Exercise instructions: Give all of the records again precisely, excluding whatever pictures they contain.

** Records shown follows **

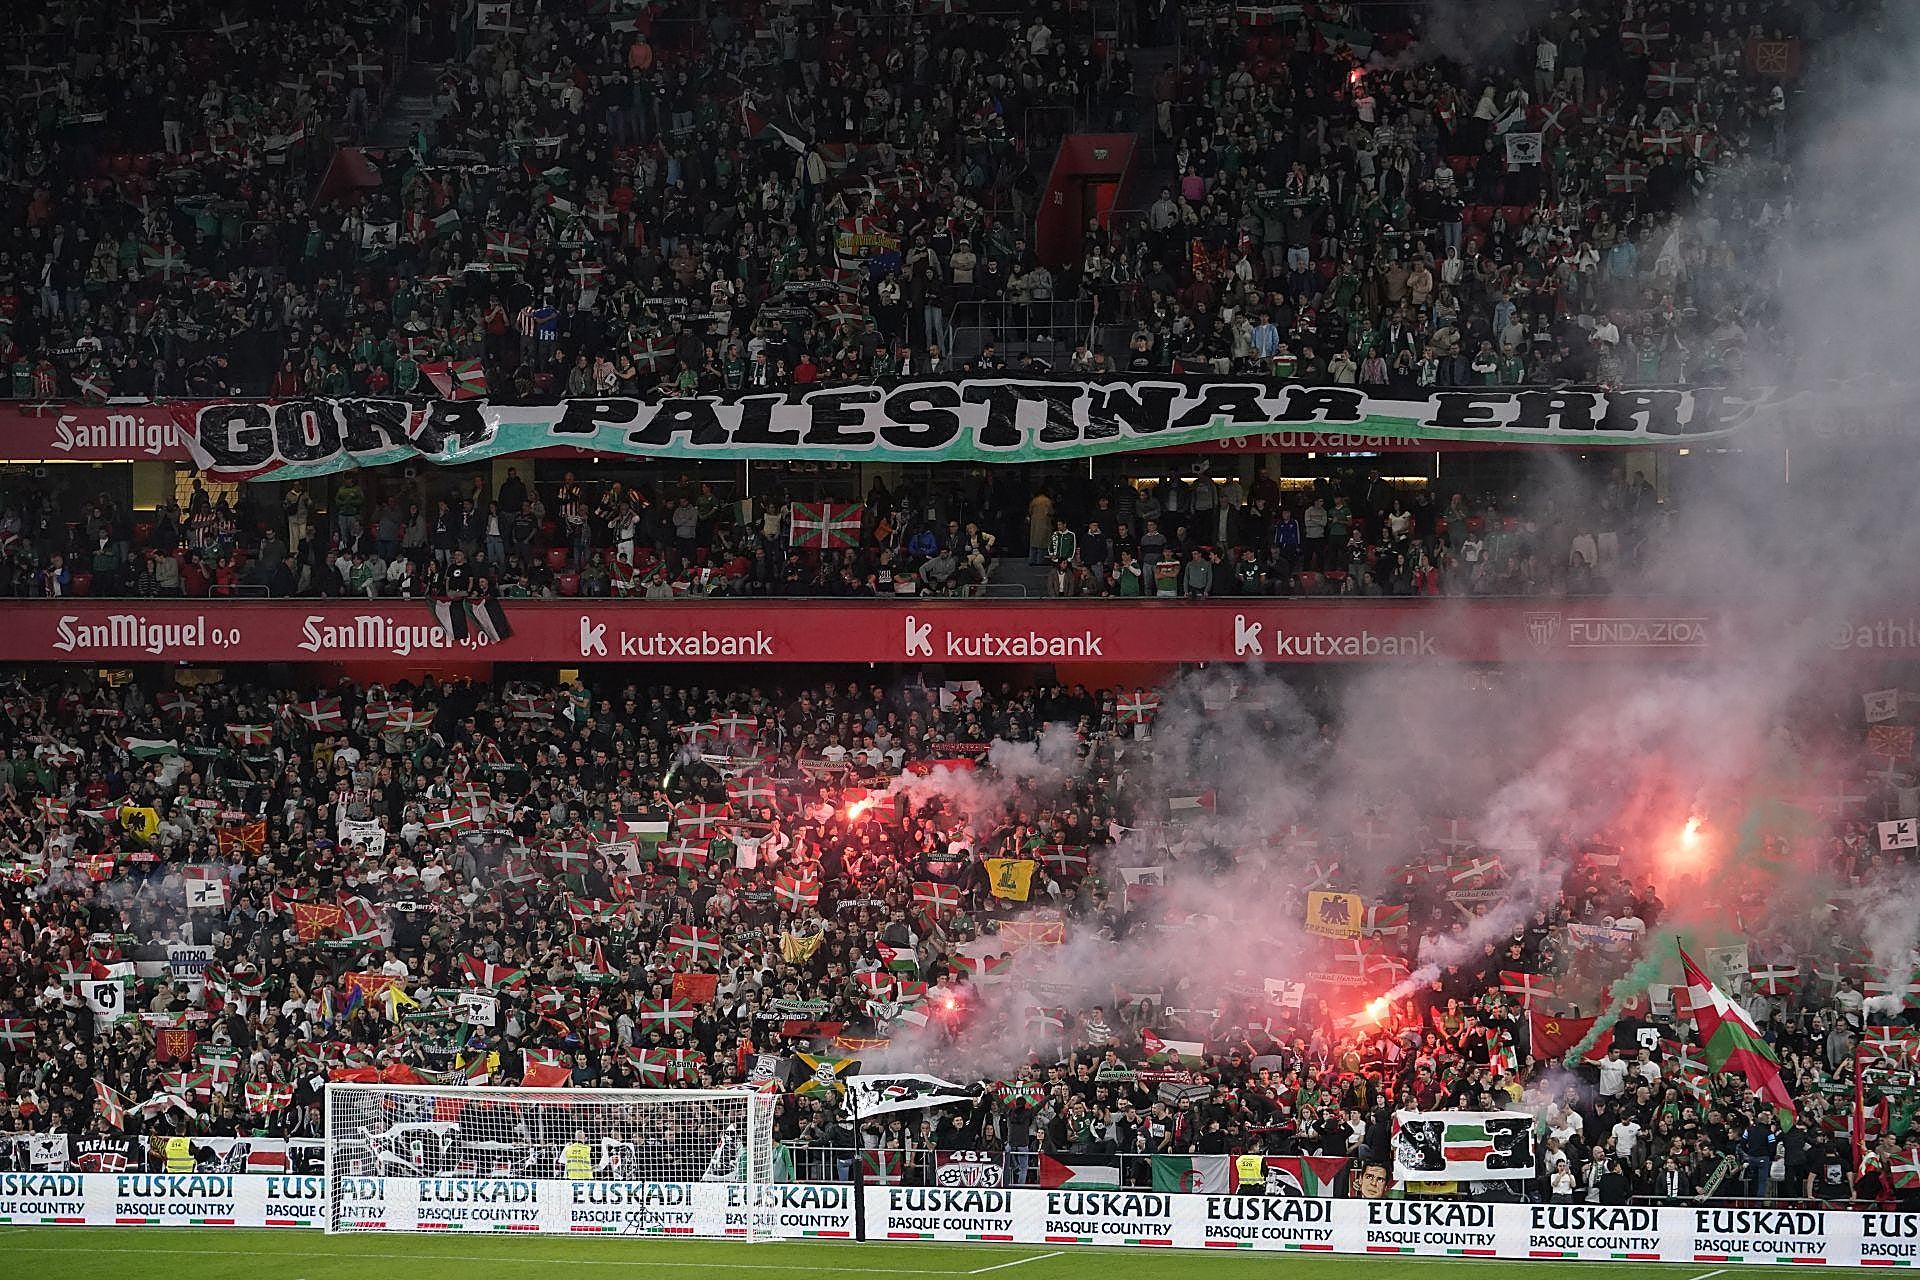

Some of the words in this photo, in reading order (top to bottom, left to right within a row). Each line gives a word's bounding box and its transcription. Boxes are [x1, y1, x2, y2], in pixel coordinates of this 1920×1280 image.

[199, 399, 488, 467] GORA
[552, 384, 1360, 449] PALESTINAR
[51, 415, 184, 453] SanMigu
[1570, 624, 1707, 641] FUNDAZIOA
[621, 631, 773, 656] kutxabank
[947, 631, 1103, 656] kutxabank
[1277, 631, 1435, 657] kutxabank
[76, 1139, 130, 1153] TAFALLA
[949, 1150, 992, 1161] 481
[117, 1176, 233, 1198] EUSKADI
[418, 1180, 538, 1203] EUSKADI
[571, 1182, 693, 1206] EUSKADI
[19, 1203, 85, 1214] COUNTRY
[889, 1189, 1011, 1212] EUSKADI
[1047, 1191, 1172, 1217] EUSKADI
[116, 1203, 165, 1216] BASQUE
[168, 1203, 234, 1216] COUNTRY
[266, 1204, 316, 1217] BASQUE
[417, 1207, 471, 1221] BASQUE
[473, 1208, 539, 1221] COUNTRY
[571, 1209, 623, 1223] BASQUE
[1207, 1197, 1332, 1222] EUSKADI
[1368, 1202, 1495, 1227] EUSKADI
[780, 1215, 849, 1228] COUNTRY
[889, 1217, 941, 1230] BASQUE
[944, 1218, 1013, 1231] COUNTRY
[1531, 1206, 1659, 1232] EUSKADI
[1696, 1209, 1826, 1235] EUSKADI
[1046, 1221, 1098, 1234] BASQUE
[1101, 1222, 1172, 1235] COUNTRY
[1206, 1226, 1259, 1239] BASQUE
[1262, 1228, 1333, 1241] COUNTRY
[1367, 1231, 1421, 1244] BASQUE
[1424, 1232, 1496, 1246] COUNTRY
[1529, 1236, 1585, 1249] BASQUE
[1588, 1237, 1660, 1250] COUNTRY
[1695, 1239, 1750, 1253] BASQUE
[1753, 1240, 1826, 1254] COUNTRY
[1862, 1243, 1917, 1257] BASQUE
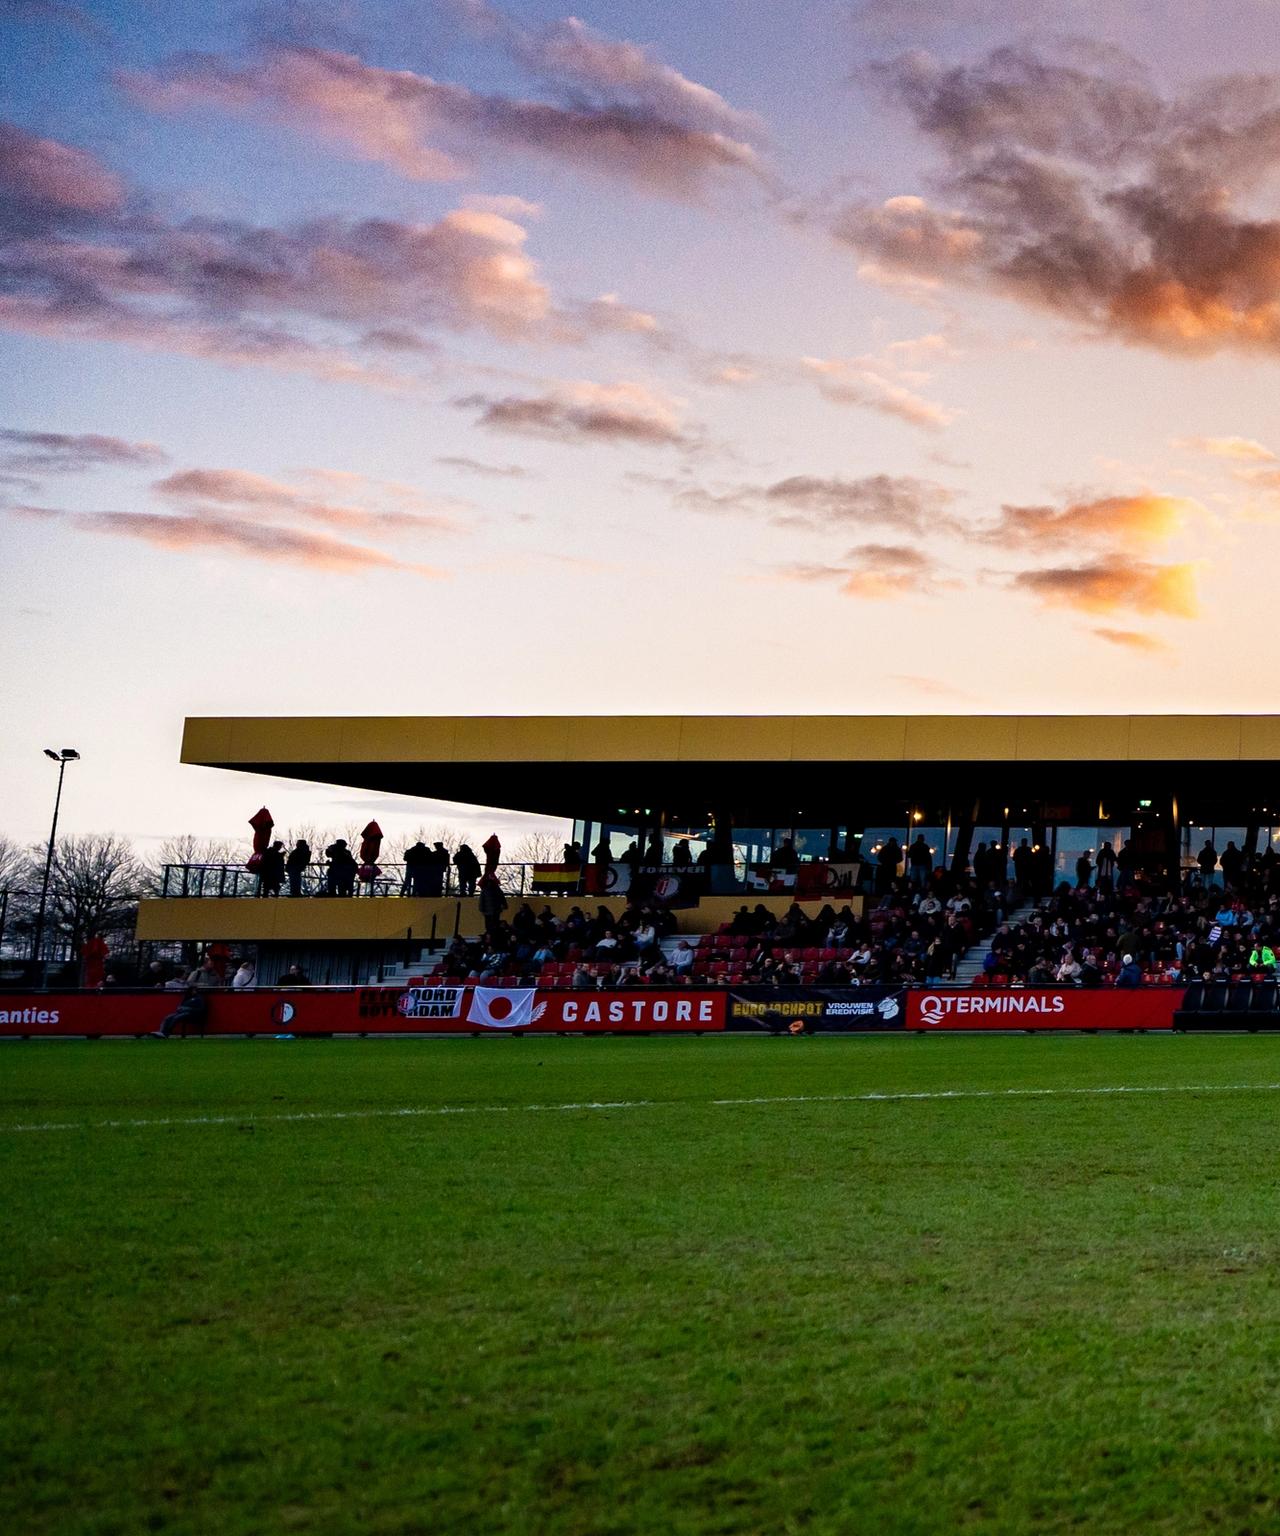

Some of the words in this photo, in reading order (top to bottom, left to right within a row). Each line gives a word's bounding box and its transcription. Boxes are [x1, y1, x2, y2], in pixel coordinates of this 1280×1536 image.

** End of Records shown **

Reply:
Some of the words in this photo, in reading order (top to bottom, left to right within a row). Each line gives a word's bounding box and its transcription. Boxes are [x1, y1, x2, y2], in pixel coordinates of this 1920×1280 image.

[199, 399, 488, 467] GORA
[552, 384, 1360, 449] PALESTINAR
[51, 415, 184, 453] SanMigu
[1570, 624, 1707, 641] FUNDAZIOA
[621, 631, 773, 656] kutxabank
[947, 631, 1103, 656] kutxabank
[1277, 631, 1435, 657] kutxabank
[76, 1139, 130, 1153] TAFALLA
[949, 1150, 992, 1161] 481
[117, 1176, 233, 1198] EUSKADI
[418, 1180, 538, 1203] EUSKADI
[571, 1182, 693, 1206] EUSKADI
[19, 1203, 85, 1214] COUNTRY
[889, 1189, 1011, 1212] EUSKADI
[1047, 1191, 1172, 1217] EUSKADI
[116, 1203, 165, 1216] BASQUE
[168, 1203, 234, 1216] COUNTRY
[266, 1204, 316, 1217] BASQUE
[417, 1207, 471, 1221] BASQUE
[473, 1208, 539, 1221] COUNTRY
[571, 1209, 623, 1223] BASQUE
[1207, 1197, 1332, 1222] EUSKADI
[1368, 1202, 1495, 1227] EUSKADI
[780, 1215, 849, 1228] COUNTRY
[889, 1217, 941, 1230] BASQUE
[944, 1218, 1013, 1231] COUNTRY
[1531, 1206, 1659, 1232] EUSKADI
[1696, 1209, 1826, 1235] EUSKADI
[1046, 1221, 1098, 1234] BASQUE
[1101, 1222, 1172, 1235] COUNTRY
[1206, 1226, 1259, 1239] BASQUE
[1262, 1228, 1333, 1241] COUNTRY
[1367, 1231, 1421, 1244] BASQUE
[1424, 1232, 1496, 1246] COUNTRY
[1529, 1236, 1585, 1249] BASQUE
[1588, 1237, 1660, 1250] COUNTRY
[1695, 1239, 1750, 1253] BASQUE
[1753, 1240, 1826, 1254] COUNTRY
[1862, 1243, 1917, 1257] BASQUE

Some of the words in this photo, in reading order (top to bottom, left to right within a row). Each line gives a word's bounding box and its transcription. Boxes are [x1, y1, x2, y2], in pixel coordinates of this 1280×1536 image.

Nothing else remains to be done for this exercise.